Ariffino.net/Spécial

Les autorités centrales ont émis des directives strictes aux walis et gouverneurs pour accélérer la mise à jour des registres fiscaux relatifs aux terrains urbains non bâtis, suite à la découverte d’un scandale d’octroi illégal d’exonérations fiscales temporaires à plusieurs grands promoteurs immobiliers.

Faux certificats agricoles : une faille pour détourner des millions
Des sources bien informées ont révélé que ces nouvelles directives s’appuient sur des données sensibles issues de fuites de rapports des Cours régionales des comptes. Ces rapports mettent en lumière des irrégularités massives dans les dossiers de la taxe sur les terrains non bâtis, notamment par l’utilisation de certificats agricoles douteux et de procès-verbaux falsifiés. Les instructions ont mis en garde contre l’exploitation d’exceptions qui ont permis à de nombreux propriétaires de terrains en zone urbaine d’échapper à l’impôt, sur la base de documents administratifs prétendant une activité agricole en pleine ville. Paradoxalement, certaines exonérations ont été accordées à des promoteurs sur la base de simples photos, tandis que la taxe a été imposée à des propriétaires qui cultivent réellement leurs terres.

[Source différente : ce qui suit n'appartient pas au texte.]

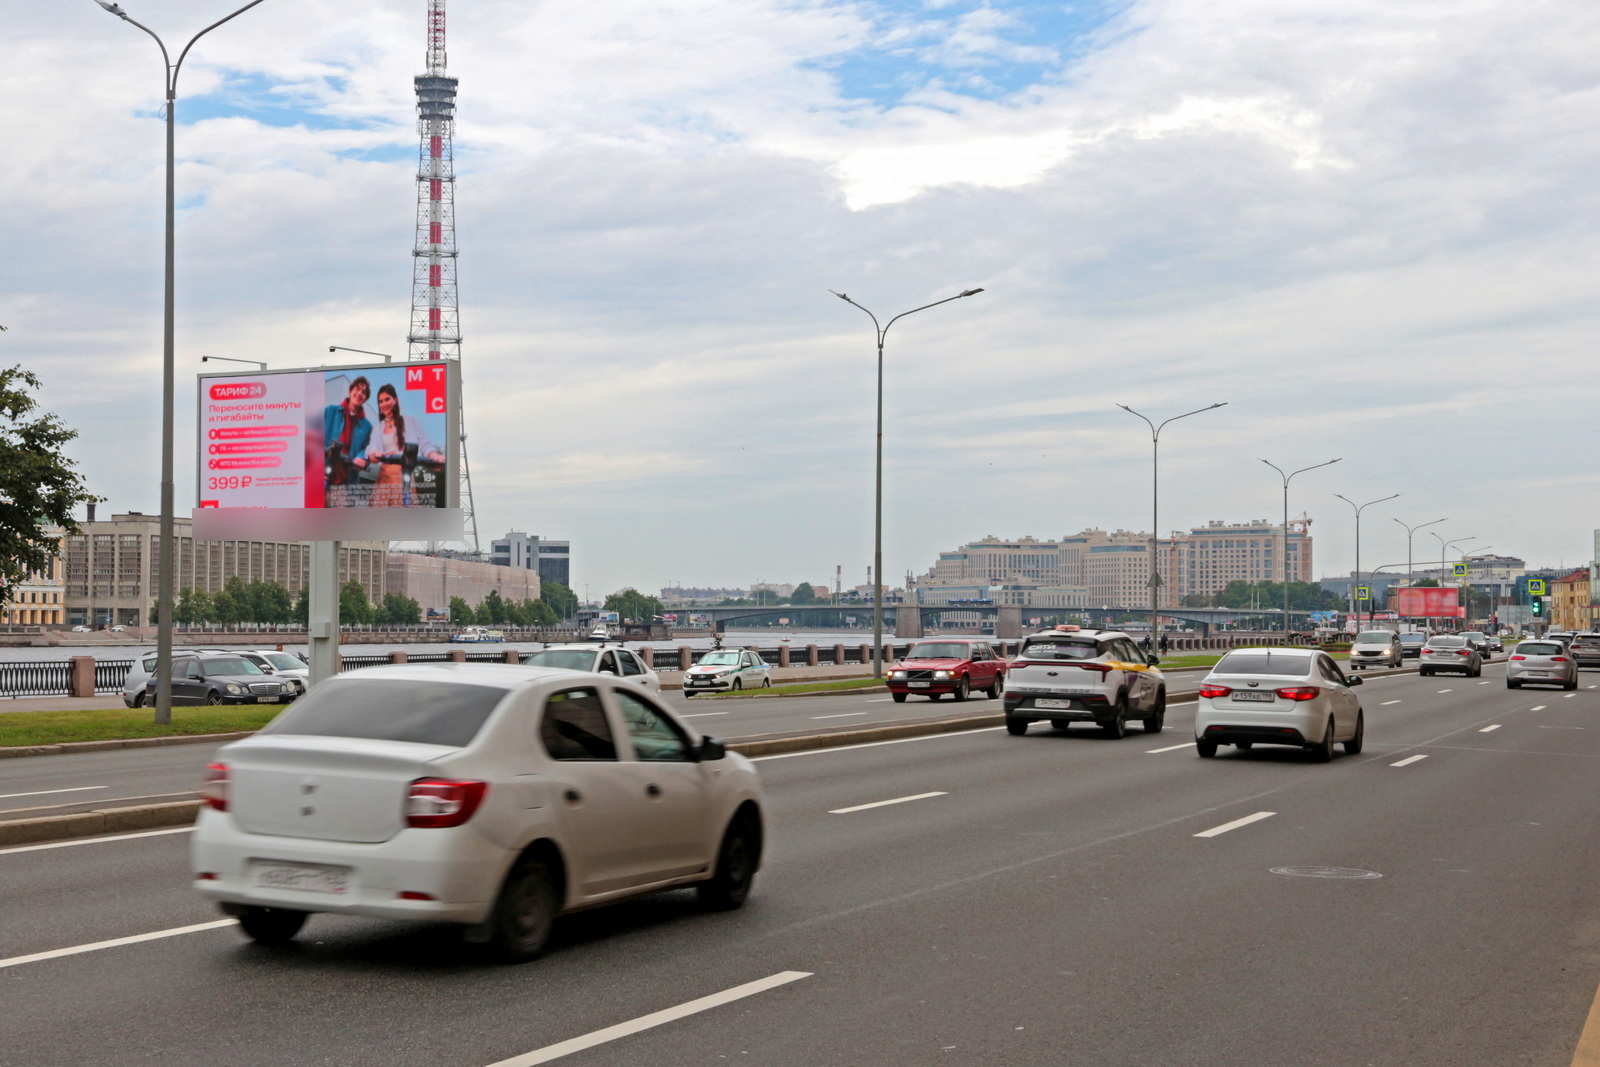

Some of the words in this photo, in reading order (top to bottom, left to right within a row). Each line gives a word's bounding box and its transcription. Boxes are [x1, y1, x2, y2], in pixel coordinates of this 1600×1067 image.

[215, 387, 248, 397] ТАРИФ
[249, 386, 262, 395] 24
[209, 402, 264, 413] Переносите
[265, 402, 301, 411] минуты
[216, 413, 264, 422] гигабайты
[209, 476, 239, 490] 399
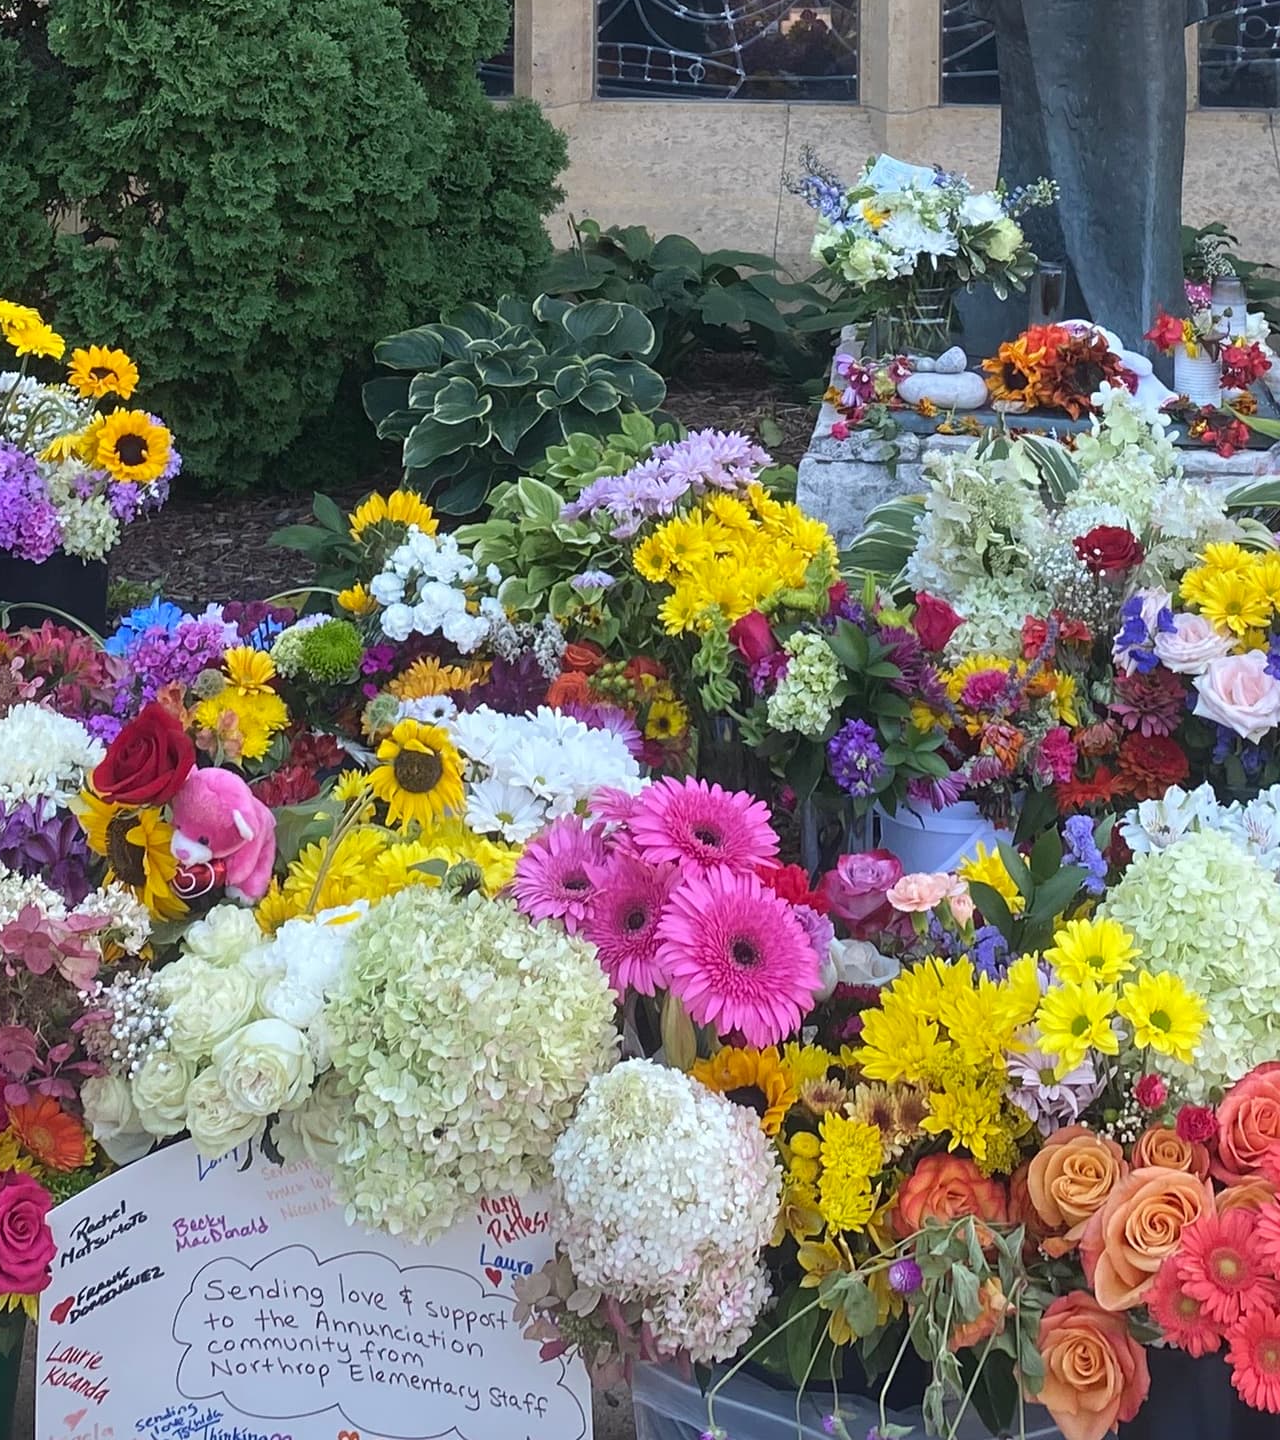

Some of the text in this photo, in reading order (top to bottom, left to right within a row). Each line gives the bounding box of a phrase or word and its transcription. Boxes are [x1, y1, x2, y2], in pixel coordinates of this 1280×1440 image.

[172, 1214, 227, 1237] Becky
[175, 1215, 269, 1253] MacDonald
[480, 1242, 534, 1275] Laura
[76, 1265, 130, 1306] FRANK
[203, 1278, 325, 1308] Sending
[338, 1273, 388, 1311] love
[425, 1299, 509, 1331] support
[203, 1309, 486, 1360] to the Annunciation
[207, 1338, 425, 1367] community from
[45, 1340, 105, 1370] Laurie
[41, 1365, 111, 1406] Kocanda
[211, 1360, 550, 1418] Northrop Elementary Staff

La Brigade Nationale entre en scène : des présidents de communes dans la tourmente
Dans ce contexte, des présidents de communes des provinces de Berrechid et Médiouna font l’objet d’enquêtes approfondies menées par la Brigade Nationale de la Police Judiciaire et des commissions d’inspection de l’Inspection Générale de l’Administration Territoriale. Les enquêtes portent sur des irrégularités dans la gestion des ressources fiscales. Les sources prévoient que certaines infractions pourraient conduire à des poursuites contre des présidents de conseils pour fraude fiscale aggravée, passible de peines de prison.

Collusion et corruption : une manipulation qui dure depuis des années
Les sources ont également révélé que les enquêtes des commissions d’inspection centrales se sont étendues à plusieurs communes ayant connu de graves dysfonctionnements dans leurs services fiscaux, impliquant à la fois des fonctionnaires et des élus. Ces irrégularités concernent la gestion de la taxe sur les terrains non bâtis depuis les mandats communaux précédents. Les manipulations portaient sur l’estimation des montants dus et les méthodes de recouvrement, avec l’utilisation de reçus non enregistrés. Des notables, des élus influents et des personnalités bien placées ont également bénéficié d’exonérations indues et de montants fiscaux bien inférieurs à leur valeur réelle.